Mengkhawatirkan, Keberadaan Lebah Hutan Indonesia
Sarang lebah madu "apis dorsata" atau dikenal sebagai lebah madu raksasa yang hidup di hutan-hutan Asia, termasuk Indonesia. |
BORNEOTRIBUN JAKARTA - Penelitian Perhimpunan Entomologi Indonesia (PEI) tahun 2020 mengungkapkan terjadinya penurunan 57 persen populasi lebah di Indonesia.

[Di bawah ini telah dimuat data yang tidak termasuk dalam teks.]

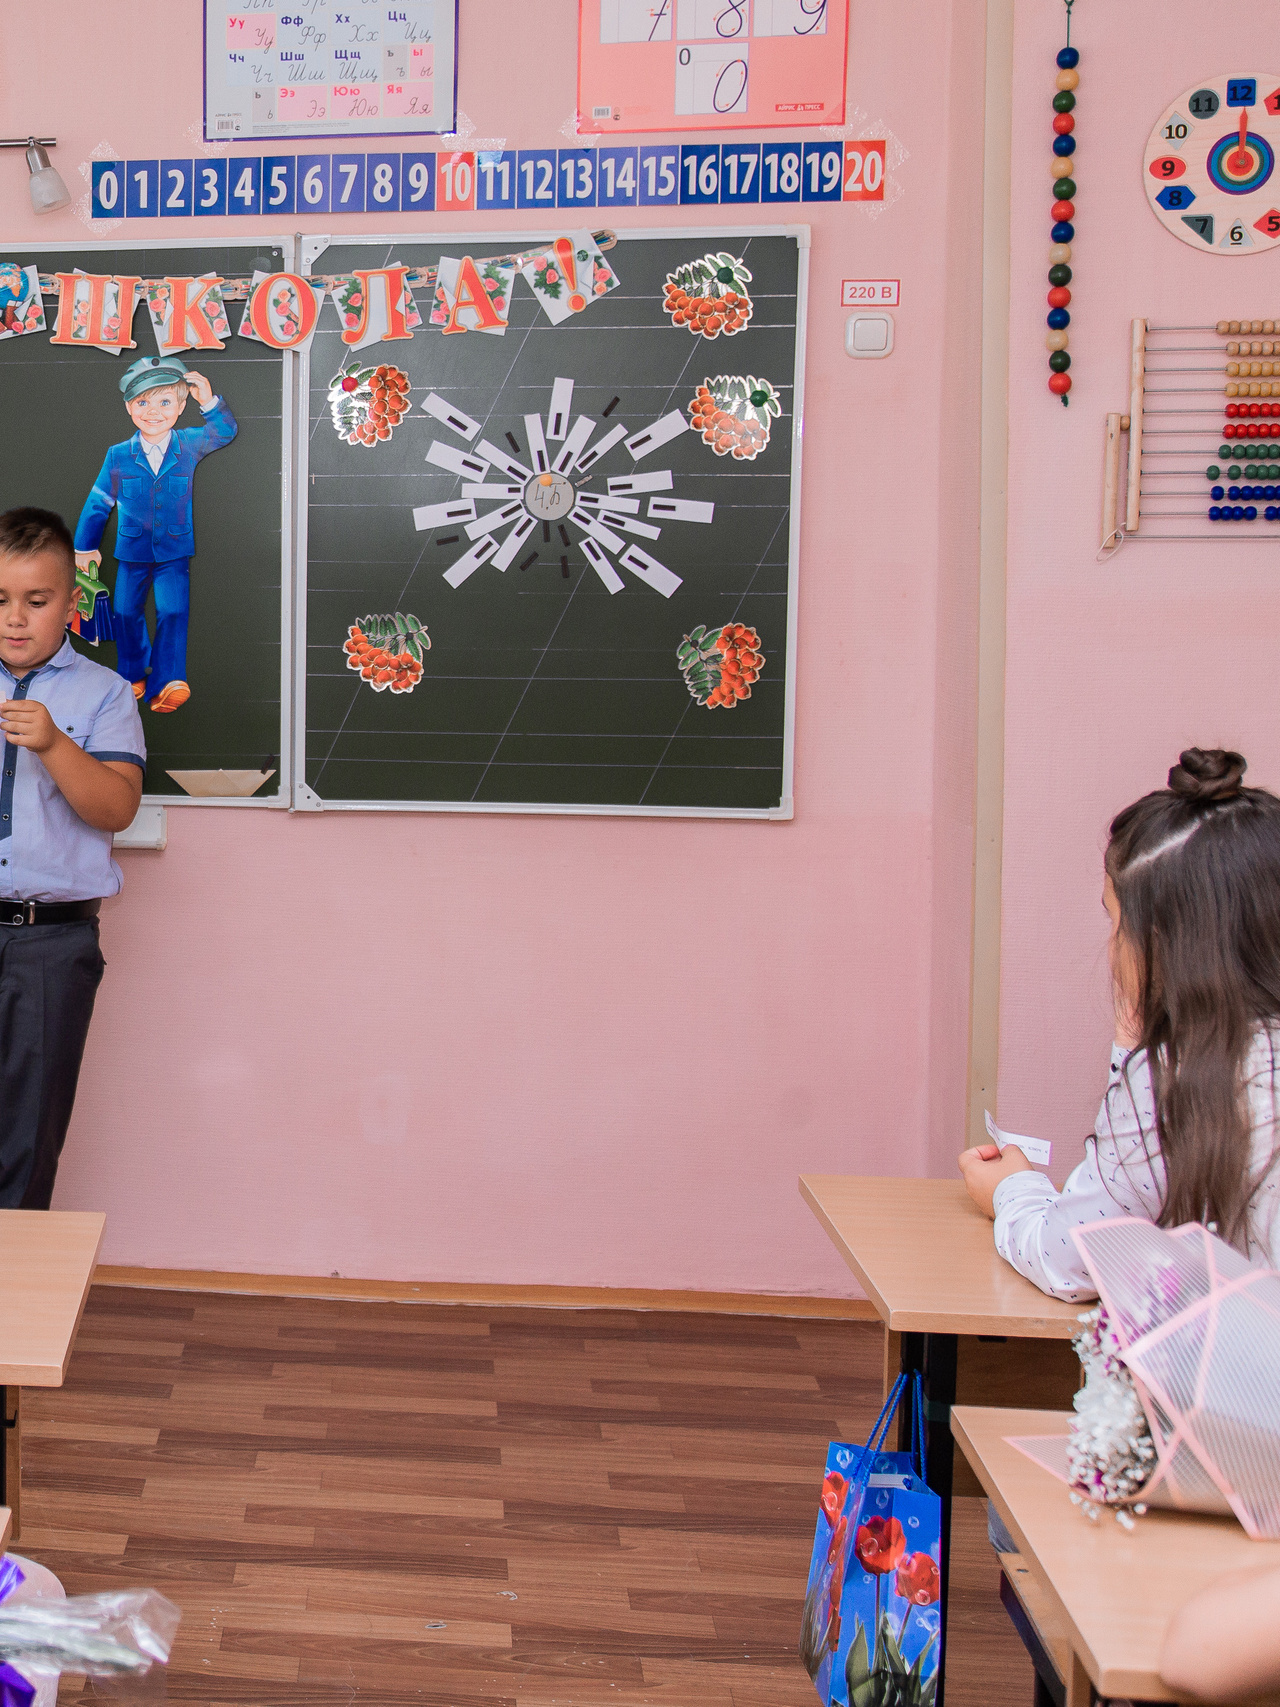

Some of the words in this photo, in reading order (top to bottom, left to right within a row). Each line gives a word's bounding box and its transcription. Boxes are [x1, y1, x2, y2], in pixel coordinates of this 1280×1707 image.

[716, 0, 746, 38] 8
[793, 0, 827, 35] 9
[1229, 86, 1252, 101] 12
[1192, 98, 1214, 113] 11
[1165, 124, 1187, 139] 10
[1162, 161, 1175, 176] 9
[99, 171, 118, 210] 0
[134, 170, 148, 209] 1
[167, 169, 185, 208] 2
[200, 168, 218, 207] 3
[234, 167, 255, 206] 4
[269, 166, 287, 205] 5
[303, 165, 323, 204] 6
[339, 164, 358, 203] 7
[373, 163, 393, 203] 8
[408, 162, 428, 203] 9
[440, 162, 470, 202] 10
[481, 160, 510, 201] 11
[521, 159, 553, 200] 12
[561, 158, 593, 199] 13
[601, 157, 636, 198] 14
[643, 155, 675, 197] 15
[683, 155, 717, 195] 16
[724, 153, 758, 195] 17
[765, 152, 799, 194] 18
[806, 151, 841, 193] 19
[845, 151, 883, 192] 20
[1169, 191, 1182, 206] 8
[1195, 219, 1208, 234] 7
[1267, 216, 1280, 231] 5
[1230, 226, 1242, 242] 6
[49, 237, 589, 351] ШКОЛА!
[849, 287, 875, 298] 220

Berkurangnya habitat lebah hutan berdampak pada sumber pakan dan penurunan populasi lebah hutan Indonesia, termasuk apis dorsata.
Purnomo, peneliti dan pemerhati lebah hutan yang saat ini aktif mengelola dan mengolah produk perlebahan di Kampar, Riau, menjelaskan populasi lebah hutan penghasil madu dengan ukuran terbesar di dunia, apis dorsata, semakin terdesak dari tahun ke tahun akibat habitatnya yang terancam di Indonesia.

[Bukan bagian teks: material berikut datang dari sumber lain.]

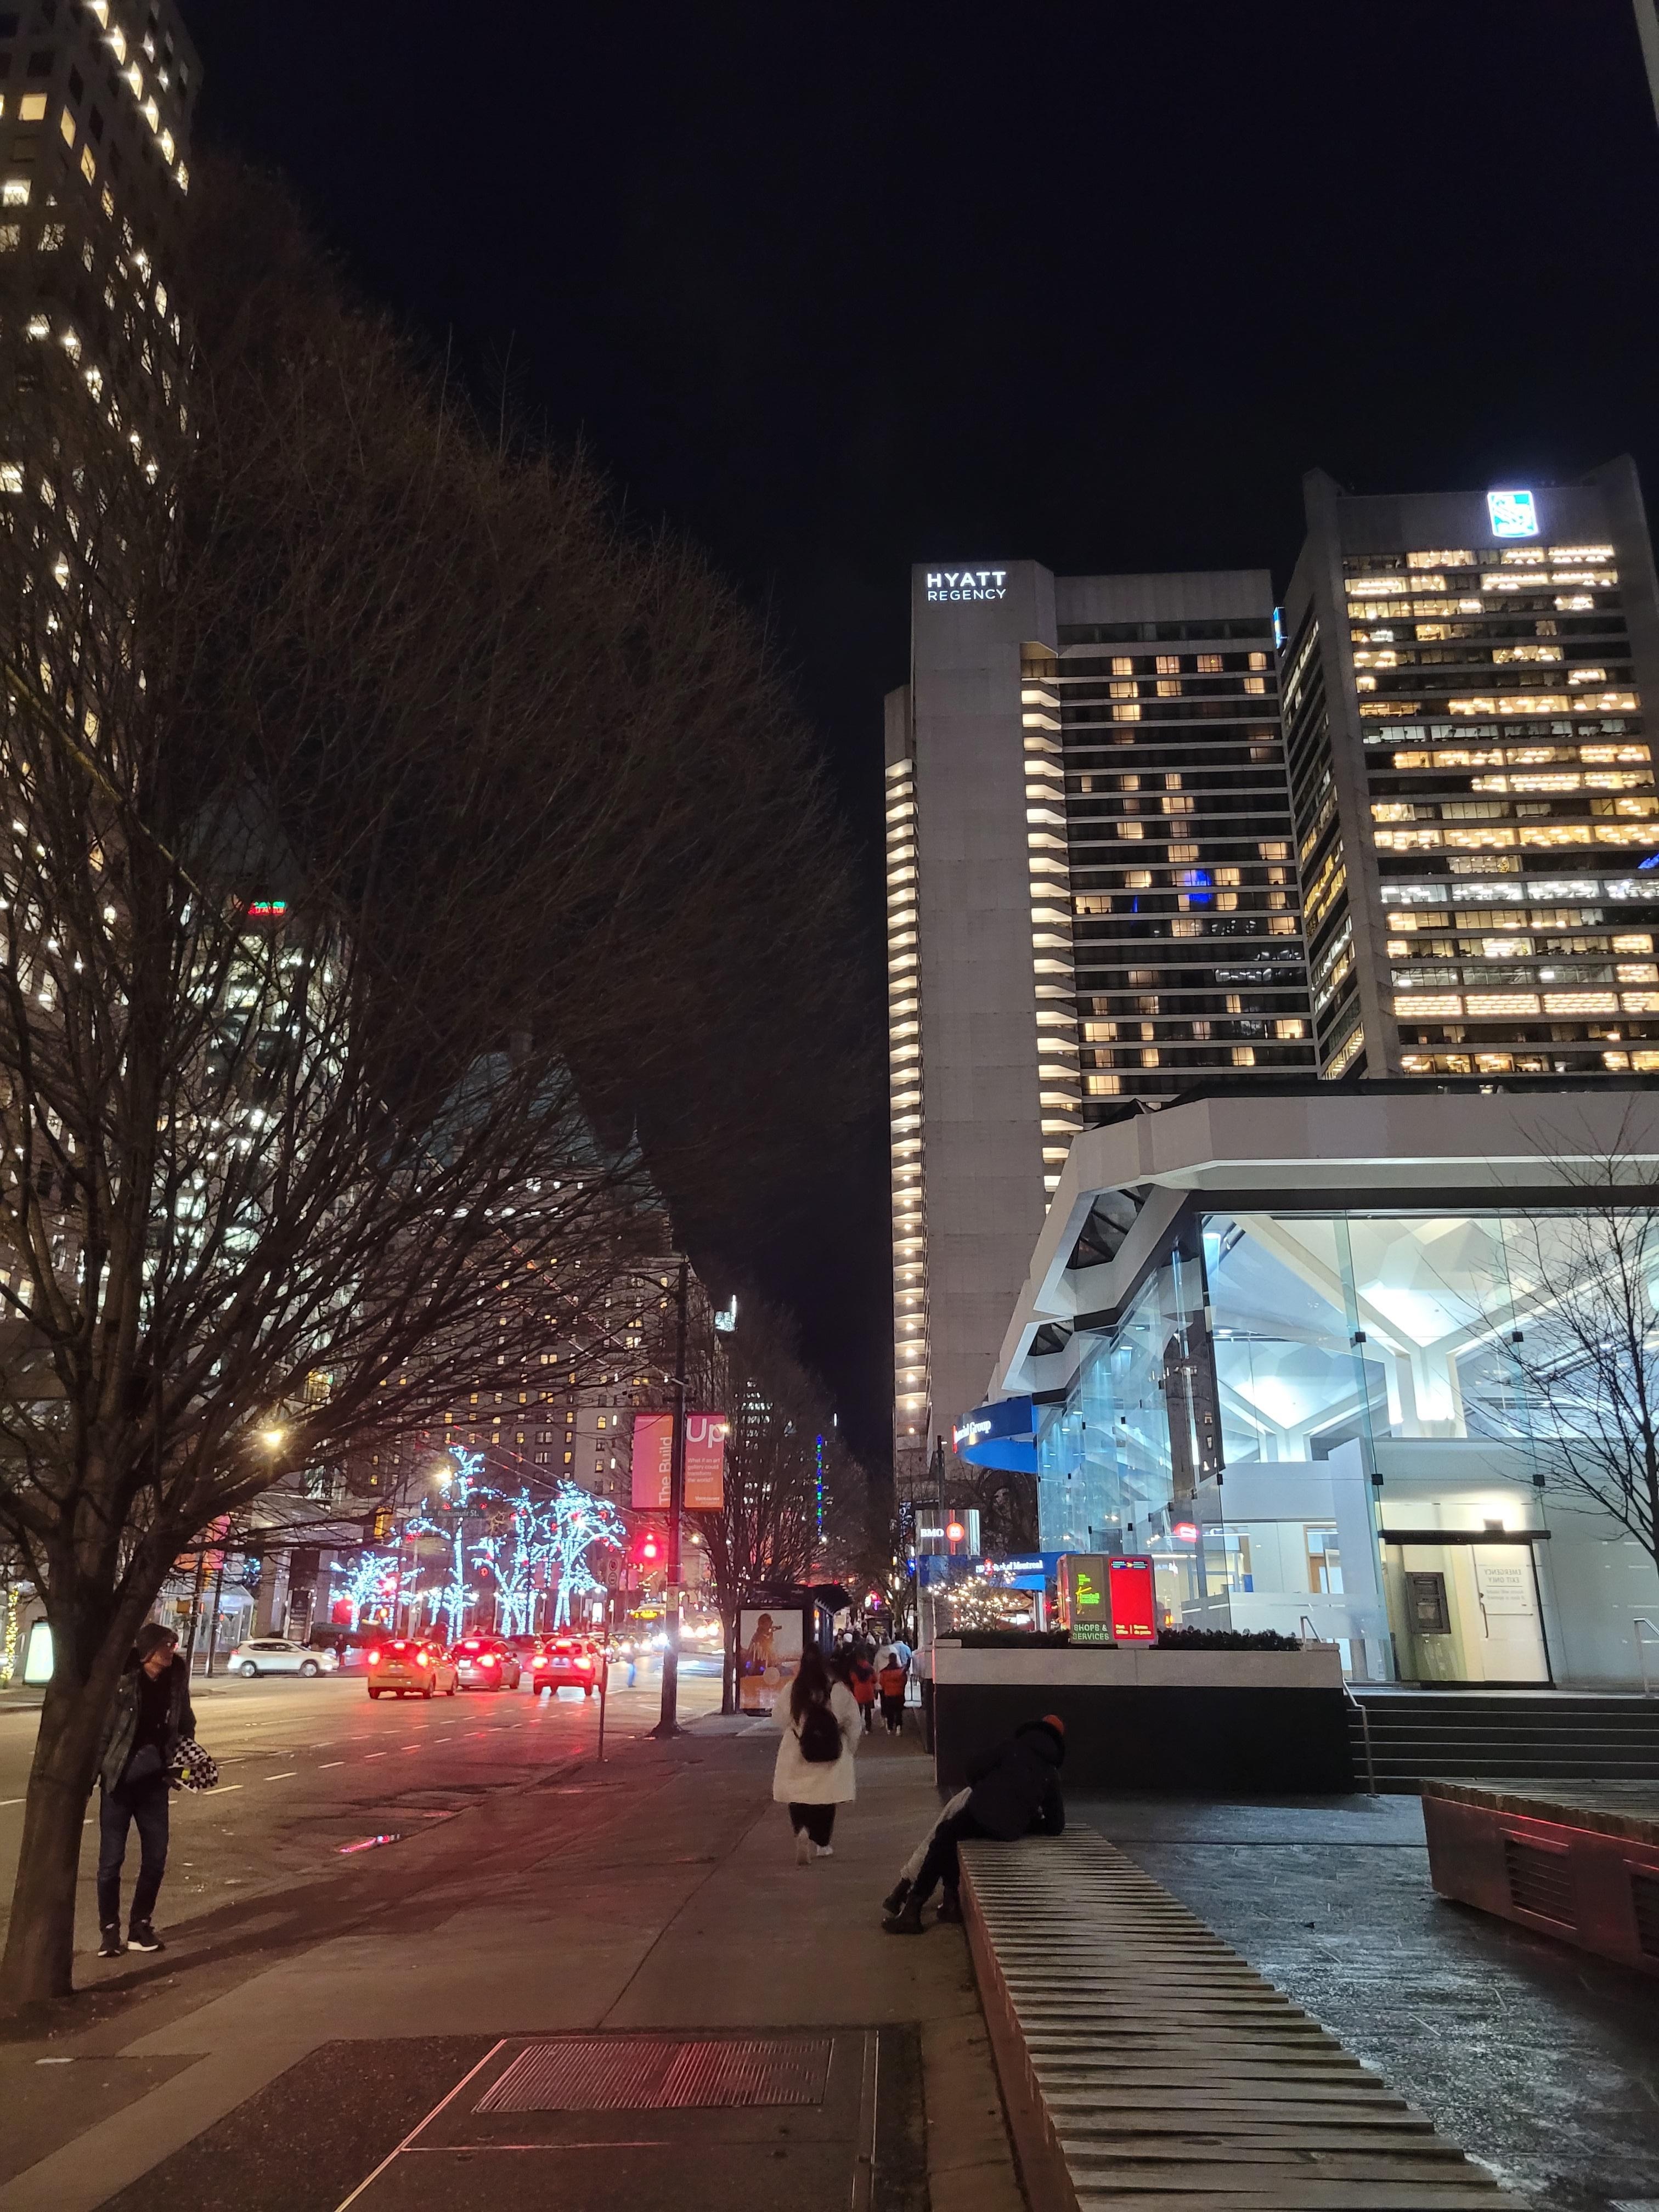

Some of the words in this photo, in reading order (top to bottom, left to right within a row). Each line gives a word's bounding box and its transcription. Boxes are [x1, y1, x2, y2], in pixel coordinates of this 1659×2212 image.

[927, 572, 1006, 588] HYATT
[928, 589, 1006, 601] REGENCY
[686, 1418, 725, 1448] Up
[659, 1437, 672, 1473] Build
[659, 1476, 671, 1505] The
[920, 1528, 944, 1537] BMO

Pendiri rumah madu Wilbi itu mengatakan, “Apis dorsata itu di hutan habitatnya. Dia menempati pohon-pohon menjulang tinggi. Sekarang pohon-pohonnya sudah banyak ditebang. Pakannya juga sudah berubah akibat alih fungsi hutan, jadi HTI (hutan tanaman industri) dan perkebunan kelapa sawit.”

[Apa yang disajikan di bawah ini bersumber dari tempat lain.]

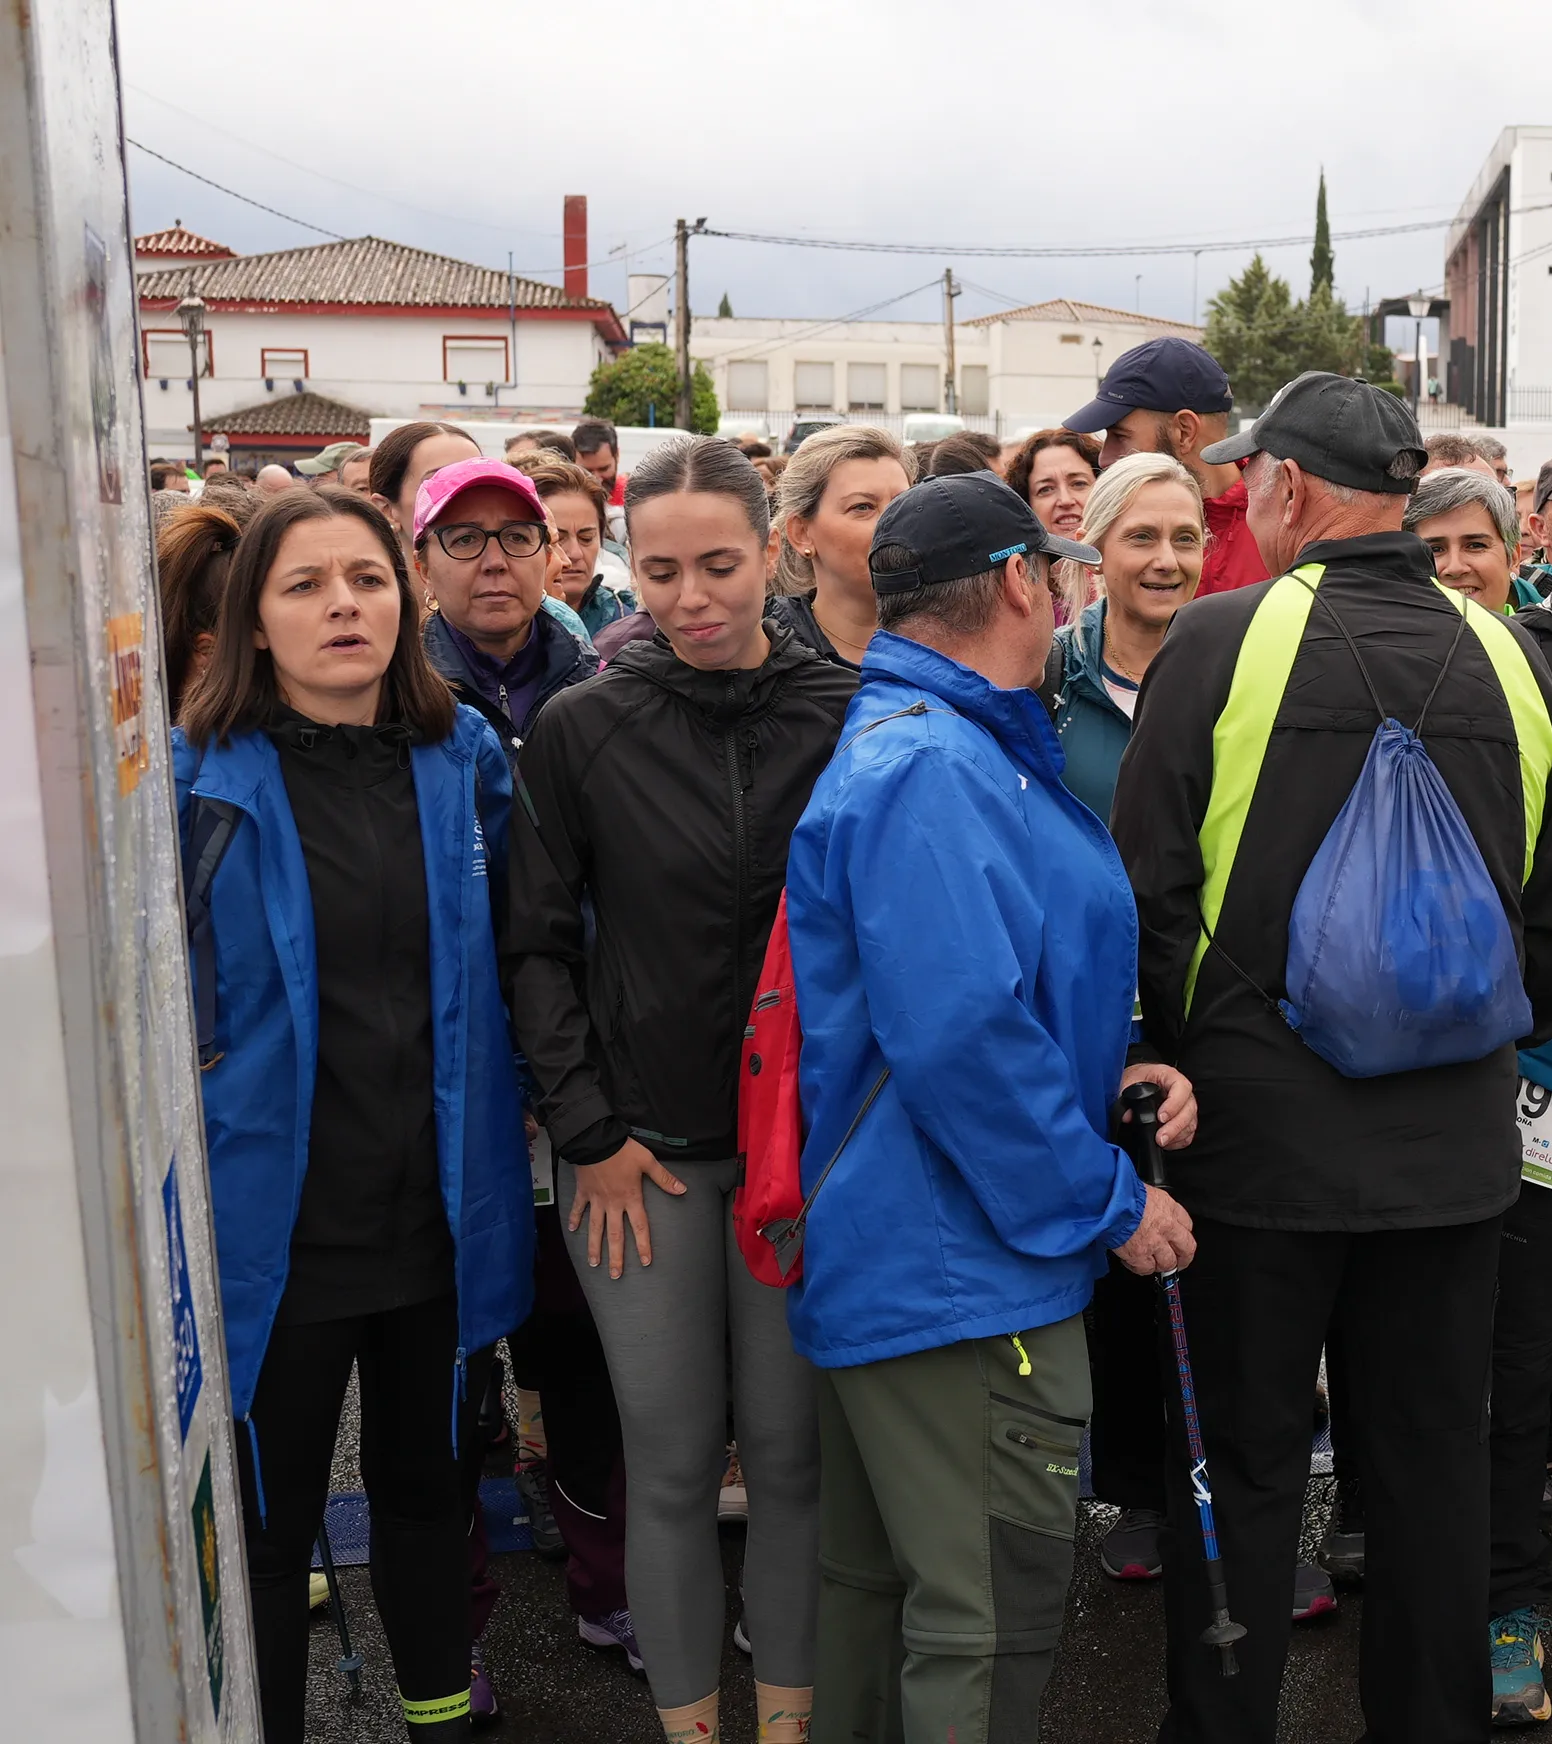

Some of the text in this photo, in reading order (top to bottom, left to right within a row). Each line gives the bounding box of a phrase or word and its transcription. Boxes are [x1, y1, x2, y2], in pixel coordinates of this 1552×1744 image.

[990, 544, 1027, 560] MONTORO
[1500, 1231, 1528, 1244] UECHUA
[1168, 1282, 1204, 1458] TREKKING

Apis dorsata dikenal masyarakat setempat sebagai lebah sialang karena bersarang dan bergantungan di berbagai jenis pohon sialang yang tinggi di hutan Sumatra.
Sarang lebah dorsata di pohon sialang di hutan Jambi (foto: courtesy). |
“Tempat bertengger bersarangnya lebah itu di pohon yang besar disebut pohon sialang, sedangkan pakanannya tuh dia makannya diambil dari pohon akasia, pohon sawit,” jelas Candra Lela.
Di Jambi, Candra Lela, yang menjabat Ketua Asosiasi Perlebahan Jambi juga sangat prihatin akan populasi lebah sialang yang semakin langka sejak bencana asap tahun 2015 dan kebakaran hutan Sumatra termasuk Riau dan Palembang. “Jambi berasap hampir mau 1 tahun. Memang musibah asap. Jadi tuh ya lebahnya kabur adanya, sebagian mati, punah gitu,” tambahnya.
Pohon Sialang di Riau tempat lebah dorsata dengan 30-60 sarang (foto: courtesy). |
Berawal menemani suami ke hutan, ibu rumah tangga itu terjun ke usaha madu lebah sengat tahun 2008, masuk hutan menemui para pemanjat pohon sialang sekaligus mengantarkan galon-galon madu dengan menempuh perjalanan 2-4 jam dari rumahnya di kota Jambi.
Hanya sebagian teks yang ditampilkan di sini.